• _Instructions to follow_: Transcribe the entire listing exactly.

• _Dataset records_:

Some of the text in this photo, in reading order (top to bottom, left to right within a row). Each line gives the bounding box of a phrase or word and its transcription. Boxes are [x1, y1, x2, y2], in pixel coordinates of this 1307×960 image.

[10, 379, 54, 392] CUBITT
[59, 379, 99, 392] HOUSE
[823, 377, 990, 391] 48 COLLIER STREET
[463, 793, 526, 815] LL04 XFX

• _Expected answer_:
Some of the text in this photo, in reading order (top to bottom, left to right within a row). Each line gives the bounding box of a phrase or word and its transcription. Boxes are [x1, y1, x2, y2], in pixel coordinates of this 1307×960 image.

[10, 379, 54, 392] CUBITT
[59, 379, 99, 392] HOUSE
[823, 377, 990, 391] 48 COLLIER STREET
[463, 793, 526, 815] LL04 XFX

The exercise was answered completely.